Splitting Md. insurance agency from department OK'd by House

March 07, 1992|By David Conn | David Conn,Annapolis Bureau

ANNAPOLIS -- The House of Delegates gave thumbs up yesterday to a plan to separate the Insurance Division from its department, create an anti-fraud bureau within it and exact some of the funding for the new agency from the industry it regulates.

But the legislation is unlikely to survive the Senate intact, some legislators say.

By a 124-2 vote, the delegates passed House Bill 1417 and sent it to the Senate, which is considering a similar version. Both bills were sponsored at the request of Gov. William Donald Schaefer.

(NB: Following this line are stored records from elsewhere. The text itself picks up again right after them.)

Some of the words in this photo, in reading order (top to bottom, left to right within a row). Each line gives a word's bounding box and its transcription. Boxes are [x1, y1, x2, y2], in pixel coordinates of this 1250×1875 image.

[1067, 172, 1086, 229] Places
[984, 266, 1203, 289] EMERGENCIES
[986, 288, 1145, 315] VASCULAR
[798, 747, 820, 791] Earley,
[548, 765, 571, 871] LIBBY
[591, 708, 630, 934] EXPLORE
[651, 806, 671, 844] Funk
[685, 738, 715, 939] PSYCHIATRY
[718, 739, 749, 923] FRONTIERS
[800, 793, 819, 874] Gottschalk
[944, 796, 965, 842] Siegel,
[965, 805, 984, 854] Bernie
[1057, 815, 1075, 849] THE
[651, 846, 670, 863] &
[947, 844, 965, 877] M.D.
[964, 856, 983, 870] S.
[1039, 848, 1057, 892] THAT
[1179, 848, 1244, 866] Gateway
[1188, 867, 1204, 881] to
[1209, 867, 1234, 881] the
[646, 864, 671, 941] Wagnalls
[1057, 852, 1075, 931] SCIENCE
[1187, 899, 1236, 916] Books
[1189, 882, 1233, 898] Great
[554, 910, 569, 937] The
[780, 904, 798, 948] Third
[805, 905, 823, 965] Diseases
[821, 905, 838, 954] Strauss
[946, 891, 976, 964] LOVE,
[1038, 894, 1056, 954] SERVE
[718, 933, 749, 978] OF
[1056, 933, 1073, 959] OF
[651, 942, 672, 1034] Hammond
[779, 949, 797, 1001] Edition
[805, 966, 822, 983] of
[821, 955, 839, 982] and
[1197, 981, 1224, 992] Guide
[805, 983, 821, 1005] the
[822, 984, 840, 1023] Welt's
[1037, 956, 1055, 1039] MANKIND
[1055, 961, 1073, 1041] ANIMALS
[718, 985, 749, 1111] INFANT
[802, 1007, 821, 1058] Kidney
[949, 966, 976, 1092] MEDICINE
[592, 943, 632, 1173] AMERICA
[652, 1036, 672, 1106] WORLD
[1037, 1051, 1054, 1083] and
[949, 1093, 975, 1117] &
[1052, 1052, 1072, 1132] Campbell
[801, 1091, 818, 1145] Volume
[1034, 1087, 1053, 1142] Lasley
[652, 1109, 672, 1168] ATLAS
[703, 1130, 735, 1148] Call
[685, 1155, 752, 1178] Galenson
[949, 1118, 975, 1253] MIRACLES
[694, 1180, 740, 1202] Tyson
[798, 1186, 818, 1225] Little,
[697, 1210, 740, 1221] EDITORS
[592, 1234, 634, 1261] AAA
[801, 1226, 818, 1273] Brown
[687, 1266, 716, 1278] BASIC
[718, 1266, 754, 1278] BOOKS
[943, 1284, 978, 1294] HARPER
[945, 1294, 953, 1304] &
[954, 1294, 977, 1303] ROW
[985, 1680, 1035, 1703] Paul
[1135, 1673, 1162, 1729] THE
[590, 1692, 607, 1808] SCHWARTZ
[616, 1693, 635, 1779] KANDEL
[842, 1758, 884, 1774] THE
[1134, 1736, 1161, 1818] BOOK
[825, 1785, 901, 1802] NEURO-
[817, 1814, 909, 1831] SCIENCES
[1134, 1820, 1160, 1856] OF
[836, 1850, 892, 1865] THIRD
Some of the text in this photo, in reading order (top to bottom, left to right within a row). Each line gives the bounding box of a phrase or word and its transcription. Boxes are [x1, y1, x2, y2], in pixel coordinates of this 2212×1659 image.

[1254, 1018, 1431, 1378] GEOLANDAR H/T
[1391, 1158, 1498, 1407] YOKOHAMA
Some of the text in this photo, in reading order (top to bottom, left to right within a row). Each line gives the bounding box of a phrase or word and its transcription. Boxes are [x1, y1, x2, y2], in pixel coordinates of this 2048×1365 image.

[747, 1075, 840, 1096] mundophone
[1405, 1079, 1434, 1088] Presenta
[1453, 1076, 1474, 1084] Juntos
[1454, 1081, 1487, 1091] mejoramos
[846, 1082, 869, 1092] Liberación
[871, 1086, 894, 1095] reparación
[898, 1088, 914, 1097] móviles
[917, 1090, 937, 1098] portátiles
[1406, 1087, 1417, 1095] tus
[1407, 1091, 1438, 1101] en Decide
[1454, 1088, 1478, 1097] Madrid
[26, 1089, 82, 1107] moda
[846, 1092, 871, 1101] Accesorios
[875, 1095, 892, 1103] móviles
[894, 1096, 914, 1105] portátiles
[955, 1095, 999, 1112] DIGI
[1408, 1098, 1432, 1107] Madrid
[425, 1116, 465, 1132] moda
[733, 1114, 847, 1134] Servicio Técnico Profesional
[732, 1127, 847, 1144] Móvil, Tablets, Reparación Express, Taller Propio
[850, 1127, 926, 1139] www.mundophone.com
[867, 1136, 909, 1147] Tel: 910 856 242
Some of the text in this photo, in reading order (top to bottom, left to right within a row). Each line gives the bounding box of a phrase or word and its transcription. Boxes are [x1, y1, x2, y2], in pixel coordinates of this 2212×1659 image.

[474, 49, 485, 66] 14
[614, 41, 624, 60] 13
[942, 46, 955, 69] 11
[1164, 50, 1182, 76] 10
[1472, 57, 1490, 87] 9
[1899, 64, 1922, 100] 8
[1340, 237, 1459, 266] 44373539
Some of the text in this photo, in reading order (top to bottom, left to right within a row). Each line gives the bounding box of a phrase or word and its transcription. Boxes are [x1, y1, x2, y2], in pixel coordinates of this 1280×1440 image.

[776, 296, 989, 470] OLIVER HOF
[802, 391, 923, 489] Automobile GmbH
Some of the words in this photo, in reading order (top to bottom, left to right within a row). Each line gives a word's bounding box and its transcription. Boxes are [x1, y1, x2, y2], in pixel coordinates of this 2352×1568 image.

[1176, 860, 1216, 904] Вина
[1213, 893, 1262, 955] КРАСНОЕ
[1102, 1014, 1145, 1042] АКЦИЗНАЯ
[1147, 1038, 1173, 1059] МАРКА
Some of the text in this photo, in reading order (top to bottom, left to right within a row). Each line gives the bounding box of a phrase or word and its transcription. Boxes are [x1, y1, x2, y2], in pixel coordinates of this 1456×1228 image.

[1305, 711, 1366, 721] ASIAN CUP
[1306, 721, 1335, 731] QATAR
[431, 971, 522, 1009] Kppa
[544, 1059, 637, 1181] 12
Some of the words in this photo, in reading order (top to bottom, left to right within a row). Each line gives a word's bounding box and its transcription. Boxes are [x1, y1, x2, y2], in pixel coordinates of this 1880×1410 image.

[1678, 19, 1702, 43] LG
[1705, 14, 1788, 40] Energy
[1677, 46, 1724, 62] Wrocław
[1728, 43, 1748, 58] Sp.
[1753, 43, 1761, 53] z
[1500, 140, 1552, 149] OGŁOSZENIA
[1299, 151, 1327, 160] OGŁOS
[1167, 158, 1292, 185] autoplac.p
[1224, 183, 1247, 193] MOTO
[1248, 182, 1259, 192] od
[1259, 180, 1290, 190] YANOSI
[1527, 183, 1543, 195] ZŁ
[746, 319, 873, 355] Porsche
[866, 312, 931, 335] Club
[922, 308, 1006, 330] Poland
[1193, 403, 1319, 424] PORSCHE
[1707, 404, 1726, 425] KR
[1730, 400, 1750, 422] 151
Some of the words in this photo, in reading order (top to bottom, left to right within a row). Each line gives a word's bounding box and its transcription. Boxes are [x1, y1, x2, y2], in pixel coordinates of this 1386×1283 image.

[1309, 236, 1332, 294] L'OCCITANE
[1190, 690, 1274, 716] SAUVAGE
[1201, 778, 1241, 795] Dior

The two bills would require all insurers based in Maryland to pay a surtax based on the dollar amount of insurance they sell in the state. The proceeds would go directly to the newly independent Maryland Insurance Administration, which would have a bureau to help detect and prosecute fraud committed against insurers.

Insurers and regulators have said the Insurance Division must have more money and resources or possibly that it might not receive accreditation from a national regulatory group. Without that approval, regulators in other states could make it tough for Maryland-based insurers to conduct business outside of Maryland.

Sen. Thomas P. O'Reilly, D-Prince George's, chairman of the Finance Committee, said he understands the industry's concerns about accreditation.

But, "like anything else, throwing money at the problem doesn't necessarily solve it," he said.